• **Action item**
The lines to be copied run from the one containing "this 1920×1280 image." to the end of the material below; reproduce them exactly, including both ends, and nothing more.

• **Data excerpts**
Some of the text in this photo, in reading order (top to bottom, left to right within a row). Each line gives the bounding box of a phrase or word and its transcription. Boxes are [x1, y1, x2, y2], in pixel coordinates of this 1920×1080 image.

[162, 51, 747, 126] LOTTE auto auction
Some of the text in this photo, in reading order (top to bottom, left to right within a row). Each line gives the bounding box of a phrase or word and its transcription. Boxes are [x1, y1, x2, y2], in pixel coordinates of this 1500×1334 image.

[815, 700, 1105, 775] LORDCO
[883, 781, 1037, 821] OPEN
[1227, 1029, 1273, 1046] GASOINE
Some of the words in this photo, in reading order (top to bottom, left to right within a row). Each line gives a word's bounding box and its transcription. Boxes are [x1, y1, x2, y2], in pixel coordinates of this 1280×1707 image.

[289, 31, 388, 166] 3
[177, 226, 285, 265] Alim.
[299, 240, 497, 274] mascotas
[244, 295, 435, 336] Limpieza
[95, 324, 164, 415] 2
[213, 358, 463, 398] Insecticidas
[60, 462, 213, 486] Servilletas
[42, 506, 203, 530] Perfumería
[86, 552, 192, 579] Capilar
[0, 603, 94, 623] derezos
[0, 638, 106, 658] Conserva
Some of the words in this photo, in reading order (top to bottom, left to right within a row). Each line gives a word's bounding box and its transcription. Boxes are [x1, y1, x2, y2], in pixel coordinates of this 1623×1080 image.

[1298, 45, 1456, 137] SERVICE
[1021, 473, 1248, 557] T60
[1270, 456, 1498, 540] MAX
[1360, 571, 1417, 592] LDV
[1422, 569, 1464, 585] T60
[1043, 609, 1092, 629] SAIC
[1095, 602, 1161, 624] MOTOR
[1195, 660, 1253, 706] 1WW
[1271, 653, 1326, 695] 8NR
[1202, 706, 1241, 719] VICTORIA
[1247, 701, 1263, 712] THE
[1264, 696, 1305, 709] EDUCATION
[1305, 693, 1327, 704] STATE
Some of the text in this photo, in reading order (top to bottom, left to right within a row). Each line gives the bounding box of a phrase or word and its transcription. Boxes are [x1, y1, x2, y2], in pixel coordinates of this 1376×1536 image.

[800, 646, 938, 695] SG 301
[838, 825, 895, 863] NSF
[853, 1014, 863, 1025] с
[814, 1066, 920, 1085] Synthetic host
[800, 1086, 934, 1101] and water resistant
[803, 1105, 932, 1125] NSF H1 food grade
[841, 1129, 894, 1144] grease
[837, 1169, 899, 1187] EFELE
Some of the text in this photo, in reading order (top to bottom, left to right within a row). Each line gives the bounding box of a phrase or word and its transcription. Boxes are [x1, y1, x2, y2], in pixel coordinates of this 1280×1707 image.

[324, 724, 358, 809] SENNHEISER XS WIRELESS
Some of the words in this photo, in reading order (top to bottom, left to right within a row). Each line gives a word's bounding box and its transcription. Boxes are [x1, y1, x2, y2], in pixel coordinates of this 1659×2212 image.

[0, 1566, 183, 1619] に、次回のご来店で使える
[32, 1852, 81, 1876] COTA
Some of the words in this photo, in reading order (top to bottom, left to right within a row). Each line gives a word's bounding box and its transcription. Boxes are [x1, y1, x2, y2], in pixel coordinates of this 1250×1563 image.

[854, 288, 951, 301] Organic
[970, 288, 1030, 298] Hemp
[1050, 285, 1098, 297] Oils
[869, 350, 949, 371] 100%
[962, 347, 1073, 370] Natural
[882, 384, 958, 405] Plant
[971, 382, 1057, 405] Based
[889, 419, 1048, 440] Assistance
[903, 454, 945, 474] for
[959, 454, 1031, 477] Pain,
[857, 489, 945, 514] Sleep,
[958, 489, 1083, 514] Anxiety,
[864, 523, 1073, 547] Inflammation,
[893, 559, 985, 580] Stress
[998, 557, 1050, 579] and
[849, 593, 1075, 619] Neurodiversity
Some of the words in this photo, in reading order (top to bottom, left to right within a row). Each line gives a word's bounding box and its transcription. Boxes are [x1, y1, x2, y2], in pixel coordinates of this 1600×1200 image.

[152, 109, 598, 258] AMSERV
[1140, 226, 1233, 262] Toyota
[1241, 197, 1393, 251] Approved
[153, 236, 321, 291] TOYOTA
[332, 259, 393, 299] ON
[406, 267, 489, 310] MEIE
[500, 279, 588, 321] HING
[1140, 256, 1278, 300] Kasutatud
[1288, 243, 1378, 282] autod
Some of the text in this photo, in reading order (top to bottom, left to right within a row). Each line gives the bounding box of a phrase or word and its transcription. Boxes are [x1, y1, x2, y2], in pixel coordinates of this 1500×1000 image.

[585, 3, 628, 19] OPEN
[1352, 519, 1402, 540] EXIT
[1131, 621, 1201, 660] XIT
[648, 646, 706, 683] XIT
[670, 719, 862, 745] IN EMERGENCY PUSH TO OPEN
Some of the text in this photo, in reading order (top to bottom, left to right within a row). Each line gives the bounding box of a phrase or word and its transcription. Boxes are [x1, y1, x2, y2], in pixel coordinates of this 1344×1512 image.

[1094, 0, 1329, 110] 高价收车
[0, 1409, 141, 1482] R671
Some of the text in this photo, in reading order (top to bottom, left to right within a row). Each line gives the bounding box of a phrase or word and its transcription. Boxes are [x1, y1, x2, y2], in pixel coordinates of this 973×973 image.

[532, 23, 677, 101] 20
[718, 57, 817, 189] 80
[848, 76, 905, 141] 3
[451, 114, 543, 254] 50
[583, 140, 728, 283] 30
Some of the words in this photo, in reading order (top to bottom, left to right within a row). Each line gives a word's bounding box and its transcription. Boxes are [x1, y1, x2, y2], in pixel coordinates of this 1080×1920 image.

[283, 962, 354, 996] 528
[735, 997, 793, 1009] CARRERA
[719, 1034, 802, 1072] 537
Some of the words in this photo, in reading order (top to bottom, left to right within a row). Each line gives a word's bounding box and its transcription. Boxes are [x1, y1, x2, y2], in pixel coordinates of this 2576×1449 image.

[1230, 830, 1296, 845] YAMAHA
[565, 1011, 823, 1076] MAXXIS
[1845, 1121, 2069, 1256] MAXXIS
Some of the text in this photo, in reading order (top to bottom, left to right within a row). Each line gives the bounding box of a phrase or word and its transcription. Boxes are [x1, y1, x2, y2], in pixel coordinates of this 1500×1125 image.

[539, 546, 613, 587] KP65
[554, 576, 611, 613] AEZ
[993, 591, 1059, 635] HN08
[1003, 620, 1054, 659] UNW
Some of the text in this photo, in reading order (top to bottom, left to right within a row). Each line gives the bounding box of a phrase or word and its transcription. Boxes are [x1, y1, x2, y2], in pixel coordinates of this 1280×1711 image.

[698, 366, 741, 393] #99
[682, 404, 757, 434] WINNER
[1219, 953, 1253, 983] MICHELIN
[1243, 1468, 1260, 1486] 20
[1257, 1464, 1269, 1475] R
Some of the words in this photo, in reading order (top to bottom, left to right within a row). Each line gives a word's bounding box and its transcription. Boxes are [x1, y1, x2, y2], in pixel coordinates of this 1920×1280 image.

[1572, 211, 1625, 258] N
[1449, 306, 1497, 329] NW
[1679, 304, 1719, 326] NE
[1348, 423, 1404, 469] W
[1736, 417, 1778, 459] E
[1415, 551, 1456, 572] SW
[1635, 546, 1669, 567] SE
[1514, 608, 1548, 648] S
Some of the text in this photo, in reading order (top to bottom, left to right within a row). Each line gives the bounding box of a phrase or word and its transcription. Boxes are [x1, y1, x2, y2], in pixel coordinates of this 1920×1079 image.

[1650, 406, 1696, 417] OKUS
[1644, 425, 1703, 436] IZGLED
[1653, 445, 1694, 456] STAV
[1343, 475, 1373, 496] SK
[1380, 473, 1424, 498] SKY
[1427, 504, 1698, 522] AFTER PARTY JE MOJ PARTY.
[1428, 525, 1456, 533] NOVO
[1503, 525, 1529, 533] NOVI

• **The completed task**
Some of the words in this photo, in reading order (top to bottom, left to right within a row). Each line gives a word's bounding box and its transcription. Boxes are [x1, y1, x2, y2], in pixel coordinates of this 1920×1280 image.

[1572, 211, 1625, 258] N
[1449, 306, 1497, 329] NW
[1679, 304, 1719, 326] NE
[1348, 423, 1404, 469] W
[1736, 417, 1778, 459] E
[1415, 551, 1456, 572] SW
[1635, 546, 1669, 567] SE
[1514, 608, 1548, 648] S
Some of the text in this photo, in reading order (top to bottom, left to right within a row). Each line gives the bounding box of a phrase or word and its transcription. Boxes are [x1, y1, x2, y2], in pixel coordinates of this 1920×1079 image.

[1650, 406, 1696, 417] OKUS
[1644, 425, 1703, 436] IZGLED
[1653, 445, 1694, 456] STAV
[1343, 475, 1373, 496] SK
[1380, 473, 1424, 498] SKY
[1427, 504, 1698, 522] AFTER PARTY JE MOJ PARTY.
[1428, 525, 1456, 533] NOVO
[1503, 525, 1529, 533] NOVI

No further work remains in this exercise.